A bimodal distribution of steatosis severity was present in the dataset, possibly causing the increase in error in the mid-level steatosis scores (Figure 4b). The bimodal distribution also likely degraded the performance of the classification model. This skew in the distribution of steatosis severity is common in studies that contain a control group and a disease group but is not representative of the human population [5]. Although oversampling or generative approaches could be employed to overcome skewed data distributions, the best way to overcome this limitation and improve the model performance for mid-level steatosis scores would be to collect more data from macaques with mid-level steatosis scores.
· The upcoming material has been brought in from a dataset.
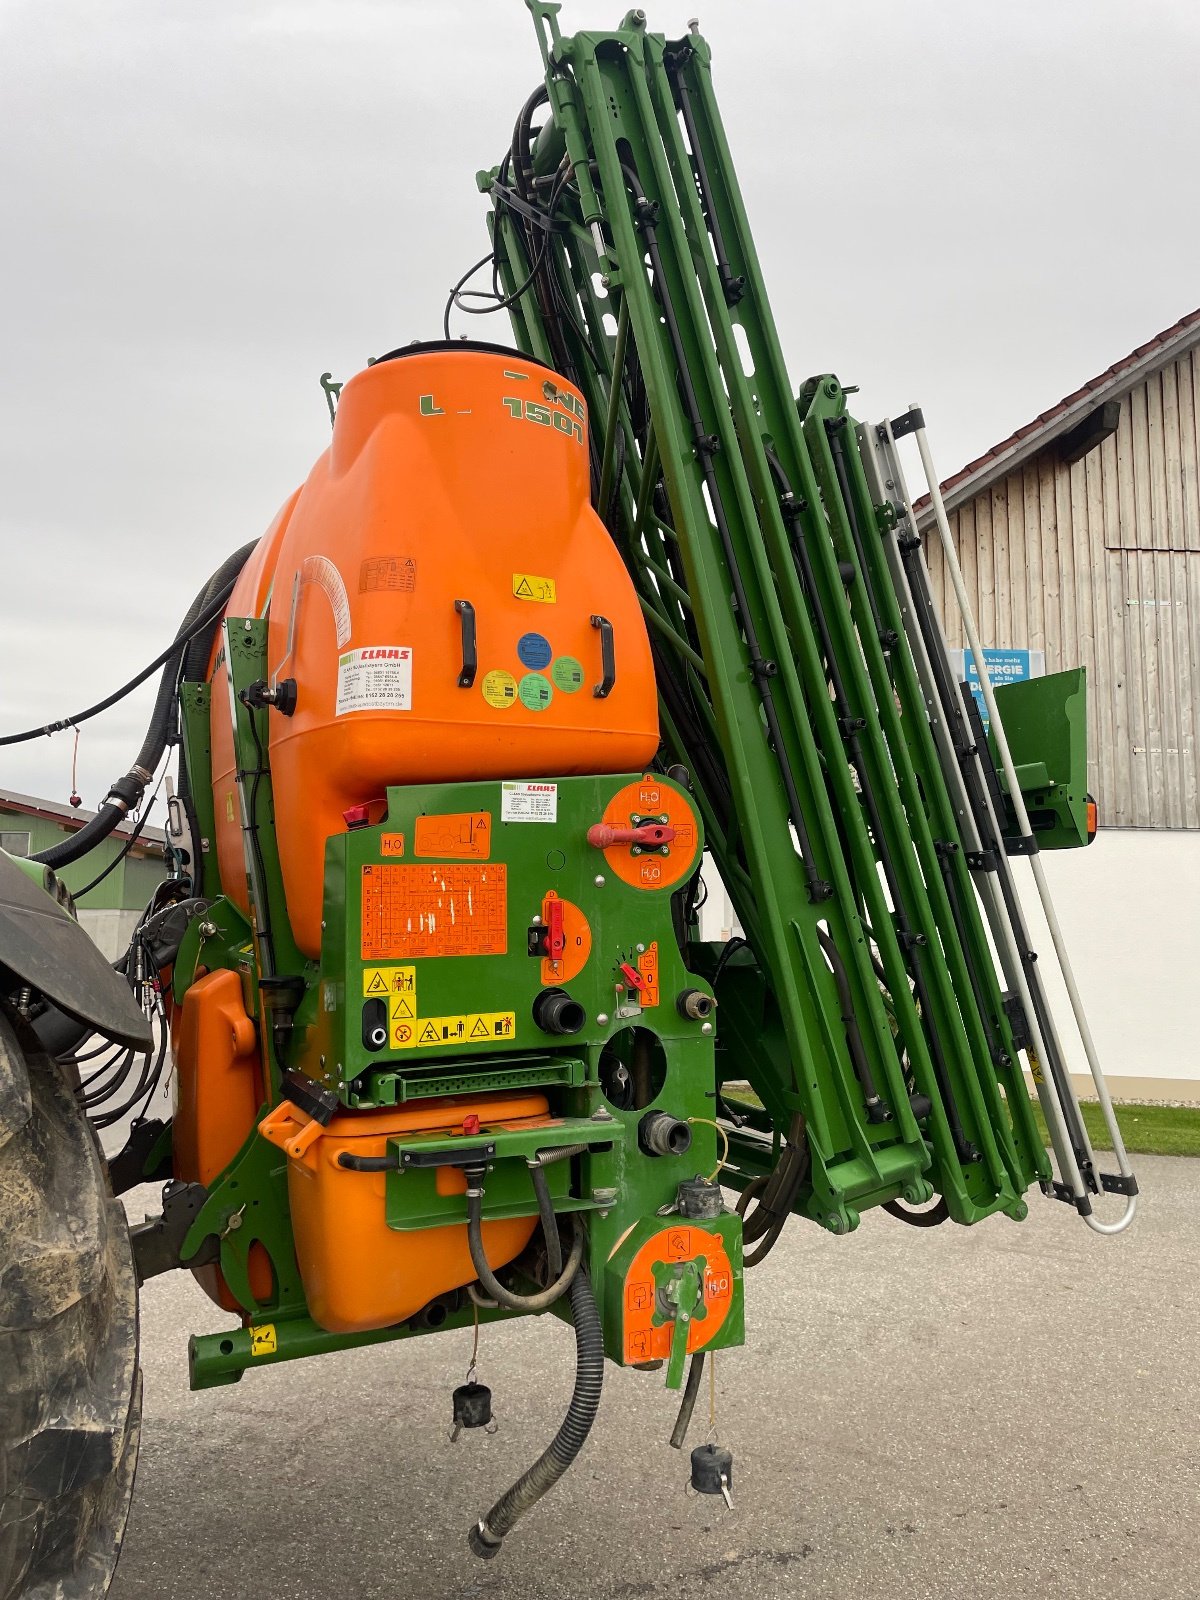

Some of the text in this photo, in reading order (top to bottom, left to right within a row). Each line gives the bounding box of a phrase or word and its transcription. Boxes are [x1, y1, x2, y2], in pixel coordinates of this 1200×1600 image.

[502, 396, 584, 446] 1501
[361, 650, 410, 660] CLAAS
[970, 665, 1023, 675] EERGIE
This could be accomplished by imaging macaques that receive 25:75, 50:50, and 75:25 ratios of normal and atherogenic chow. Other relevant histopathological hallmarks of liver disease (e.g., inflammation and necrosis) were sparsely represented in our dataset; therefore, radiomic signatures of these features could not be established in our study. Follow-up prospective imaging studies in animal models developing a wider range of histopathological features of liver disease will be needed to corroborate utility with respect to these histologic phenotypes.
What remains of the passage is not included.